(Annotated photo localization data)
—————
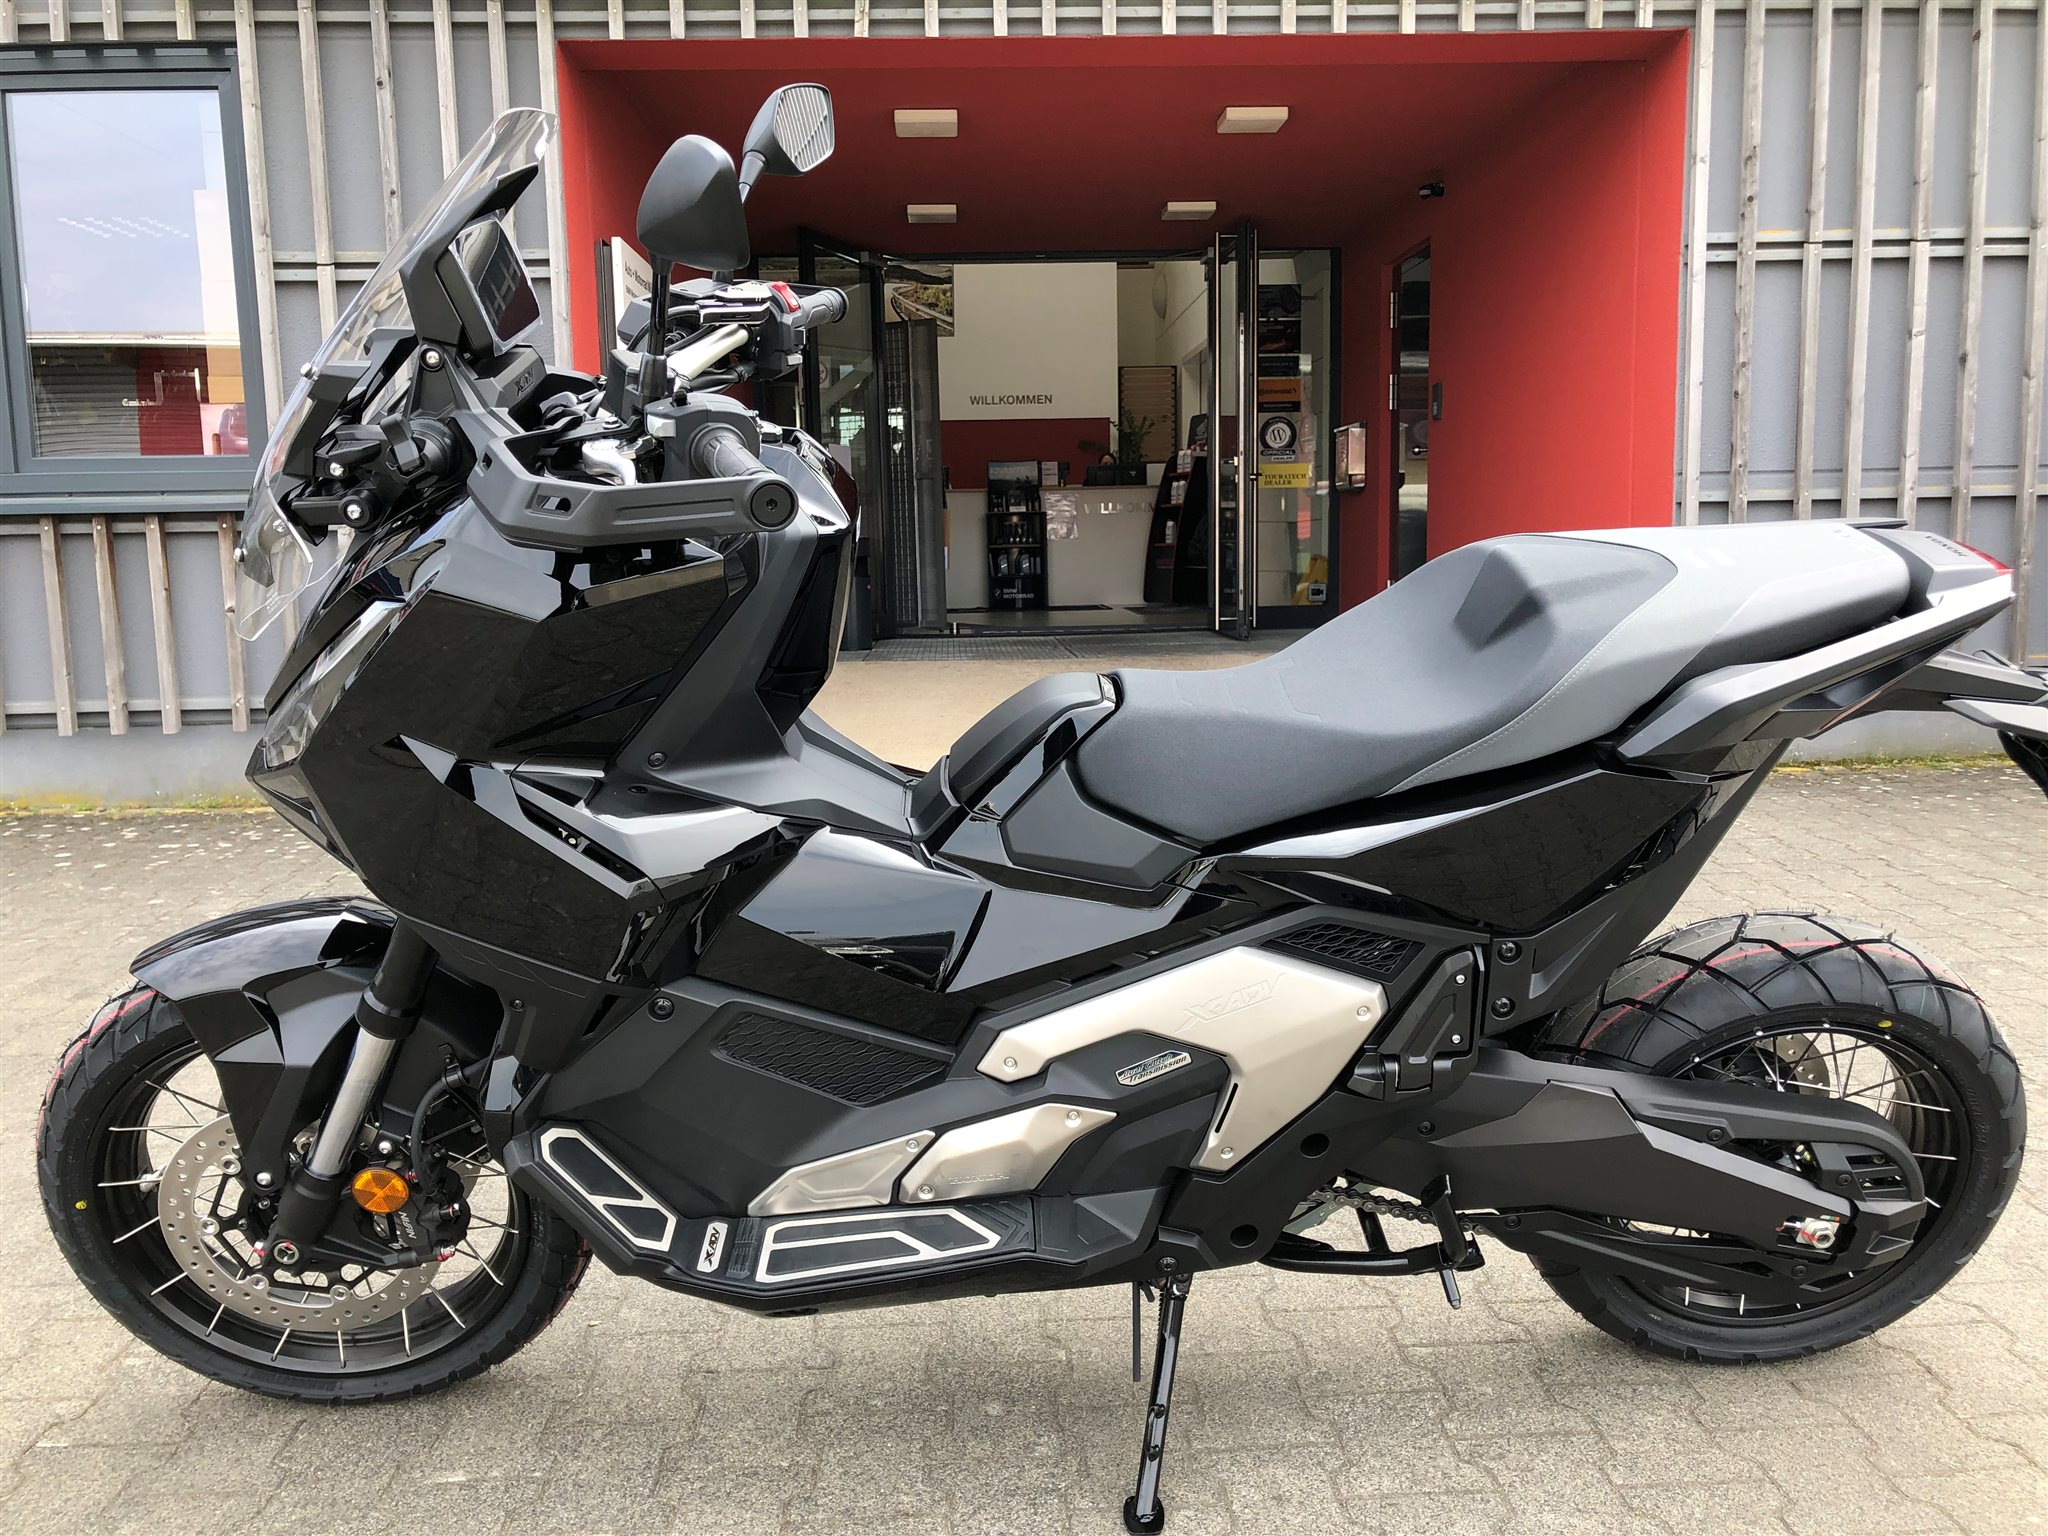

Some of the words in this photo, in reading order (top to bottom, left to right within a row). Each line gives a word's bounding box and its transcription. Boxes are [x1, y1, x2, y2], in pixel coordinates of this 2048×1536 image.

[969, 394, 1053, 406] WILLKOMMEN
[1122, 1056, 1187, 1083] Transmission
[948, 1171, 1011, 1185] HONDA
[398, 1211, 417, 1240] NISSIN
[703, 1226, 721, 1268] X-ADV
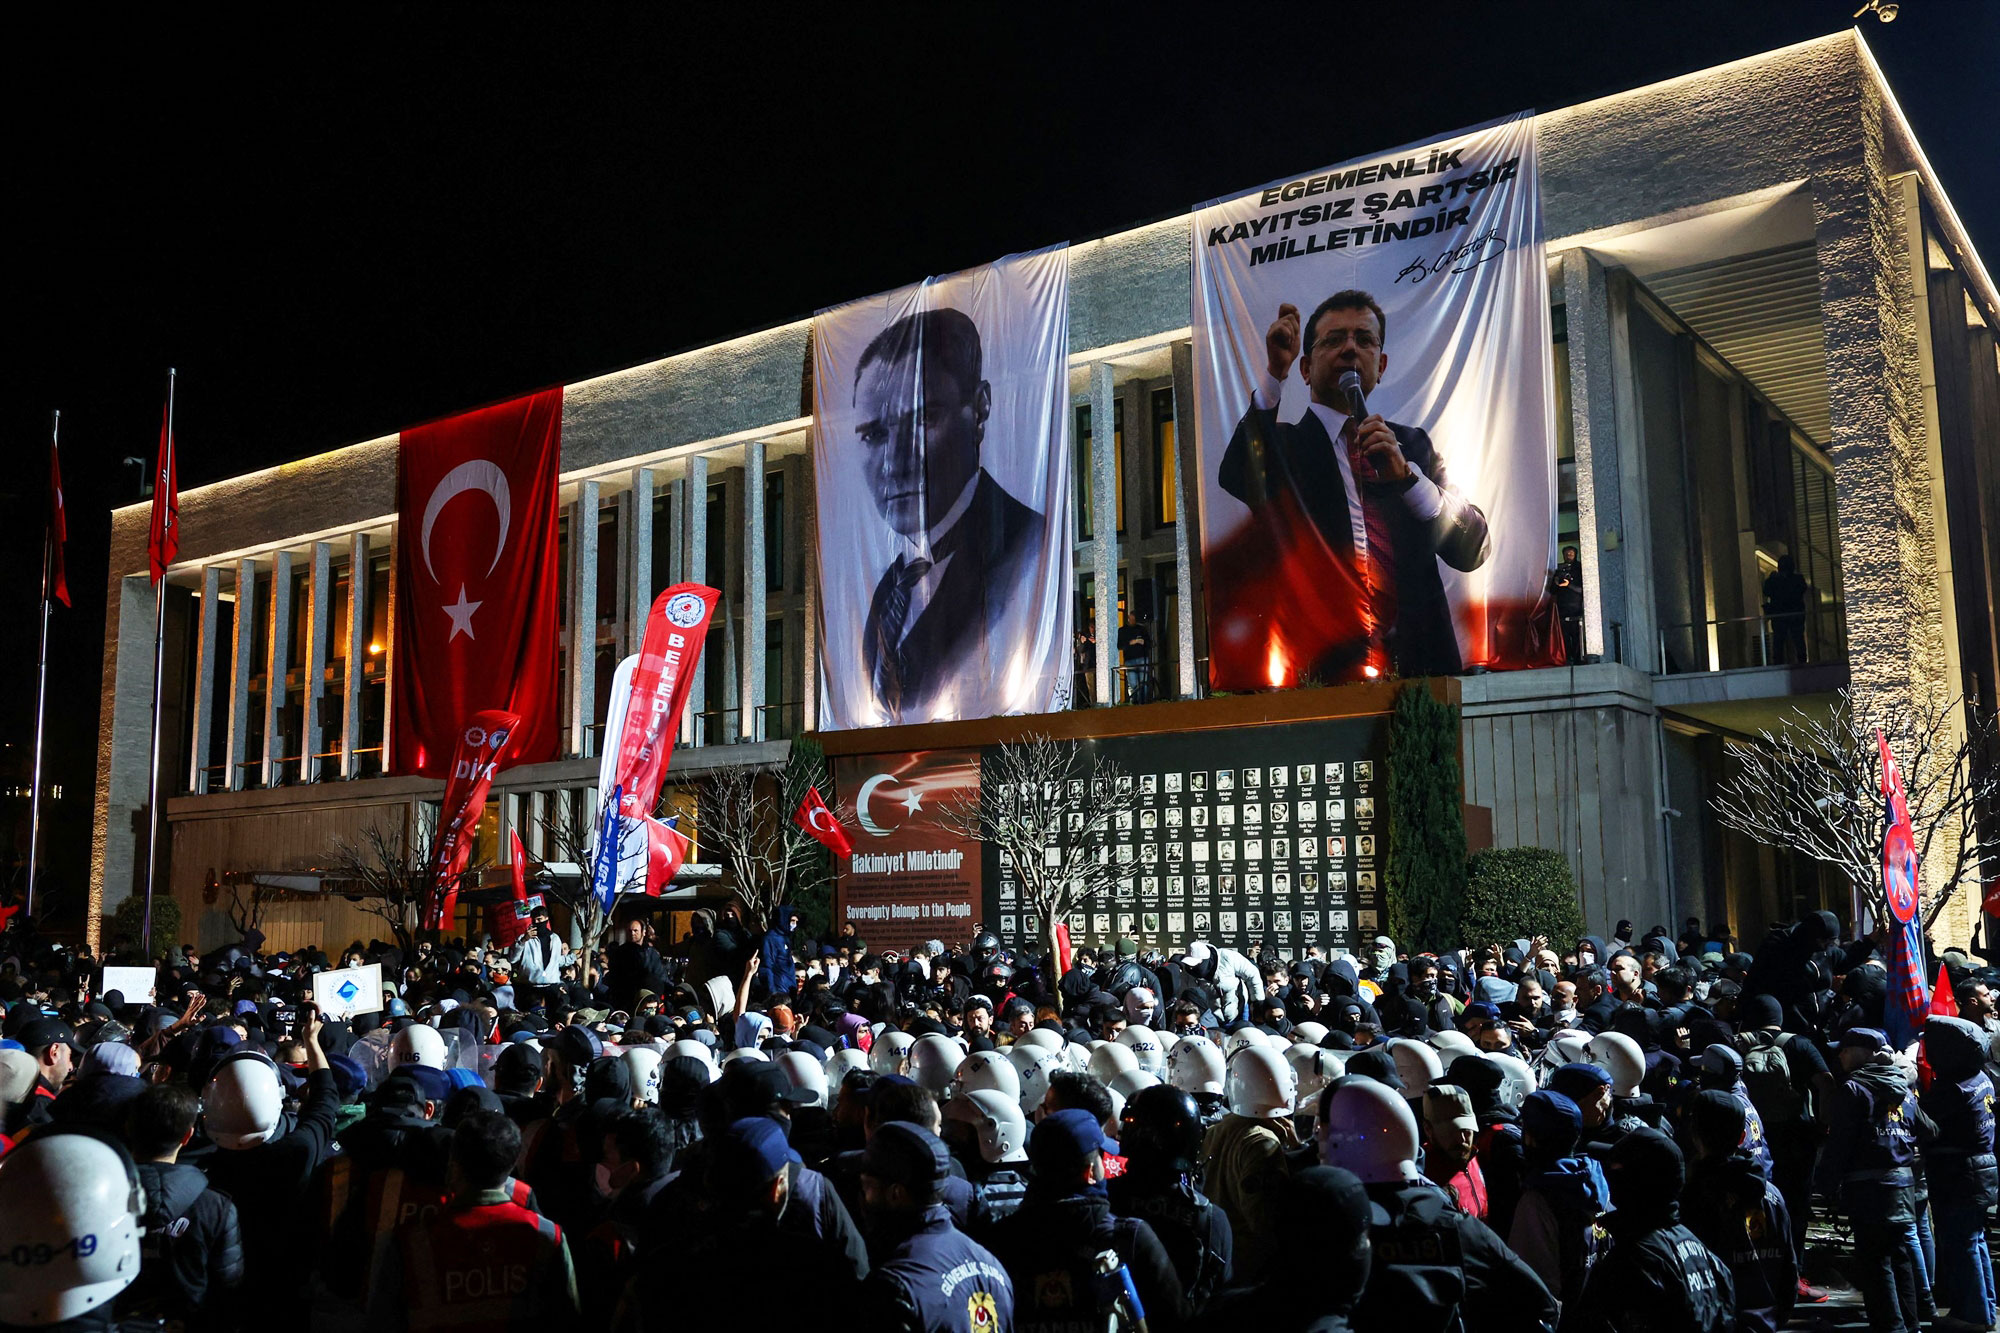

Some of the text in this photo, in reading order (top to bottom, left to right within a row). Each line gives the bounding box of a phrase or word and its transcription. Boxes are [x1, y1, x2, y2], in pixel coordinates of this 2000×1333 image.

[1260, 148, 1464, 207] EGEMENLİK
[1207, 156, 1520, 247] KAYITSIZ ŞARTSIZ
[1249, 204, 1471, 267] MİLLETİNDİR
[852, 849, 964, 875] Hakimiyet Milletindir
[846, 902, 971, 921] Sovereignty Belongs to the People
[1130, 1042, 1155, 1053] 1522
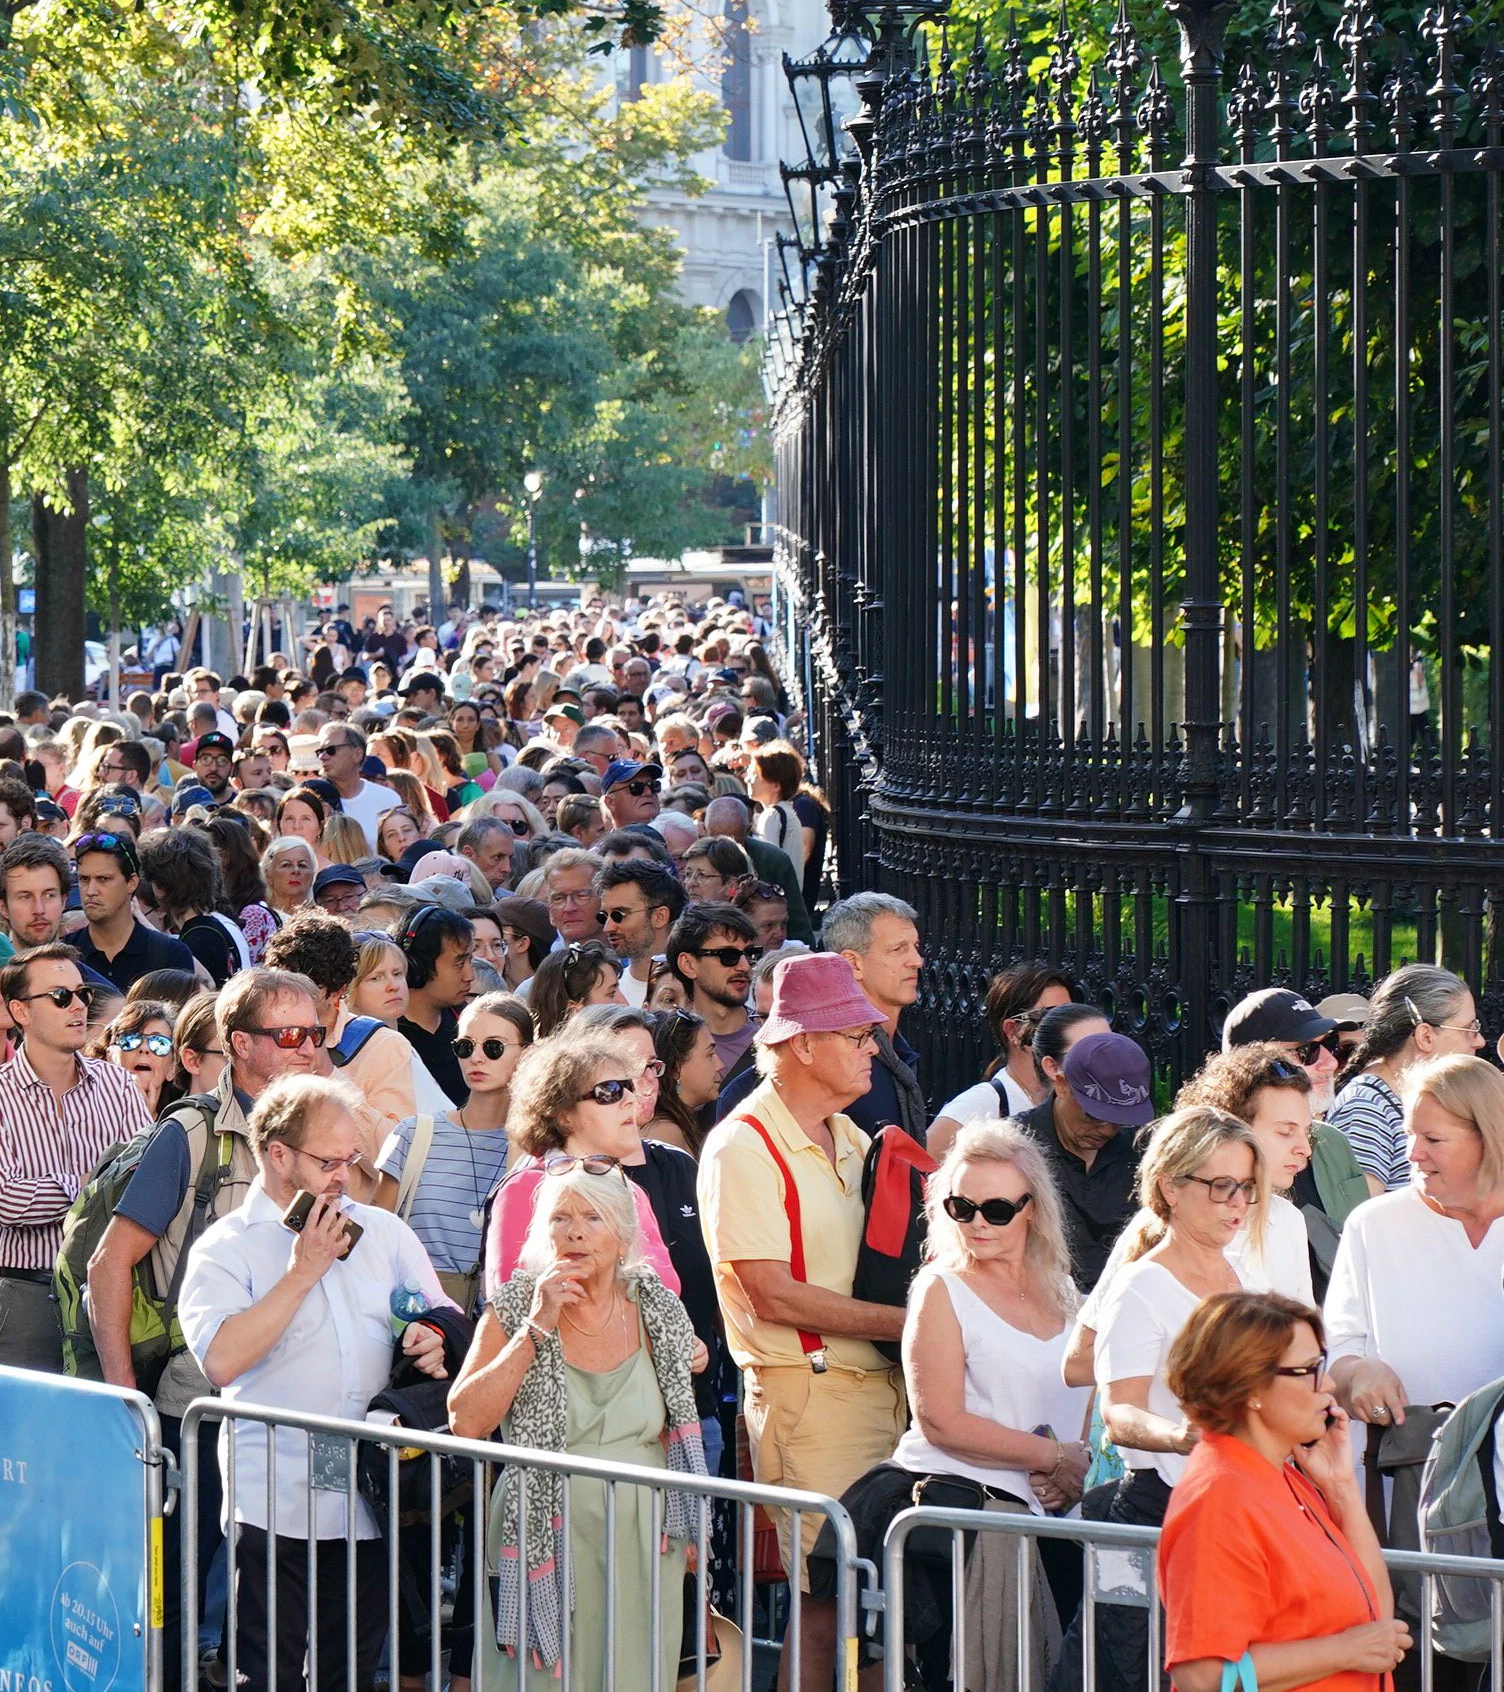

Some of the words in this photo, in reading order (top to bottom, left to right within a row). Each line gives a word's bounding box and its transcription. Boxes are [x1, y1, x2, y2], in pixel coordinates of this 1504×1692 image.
—————
## WORK REQUEST:
An exact copy of every entry above is needed, minus the pictures.

## TASK SOLUTION:
Some of the words in this photo, in reading order (top to bottom, left to right within a row). Each line gives a word's bounding box and its transcription. Boxes are [x1, y1, x2, y2], in pixel coordinates of this 2048×1536 image.

[969, 394, 1053, 406] WILLKOMMEN
[1122, 1056, 1187, 1083] Transmission
[948, 1171, 1011, 1185] HONDA
[398, 1211, 417, 1240] NISSIN
[703, 1226, 721, 1268] X-ADV

Some of the text in this photo, in reading order (top to bottom, left to right within a row). Each line gives the bounding box of a phrase or word and its transcription. Boxes are [x1, y1, x2, y2], in pixel coordinates of this 2000×1333 image.

[1260, 148, 1464, 207] EGEMENLİK
[1207, 156, 1520, 247] KAYITSIZ ŞARTSIZ
[1249, 204, 1471, 267] MİLLETİNDİR
[852, 849, 964, 875] Hakimiyet Milletindir
[846, 902, 971, 921] Sovereignty Belongs to the People
[1130, 1042, 1155, 1053] 1522

Some of the words in this photo, in reading order (top to bottom, left to right within a row). Each line gives a word's bounding box and its transcription. Boxes are [x1, y1, x2, y2], in pixel coordinates of this 1504×1692 image.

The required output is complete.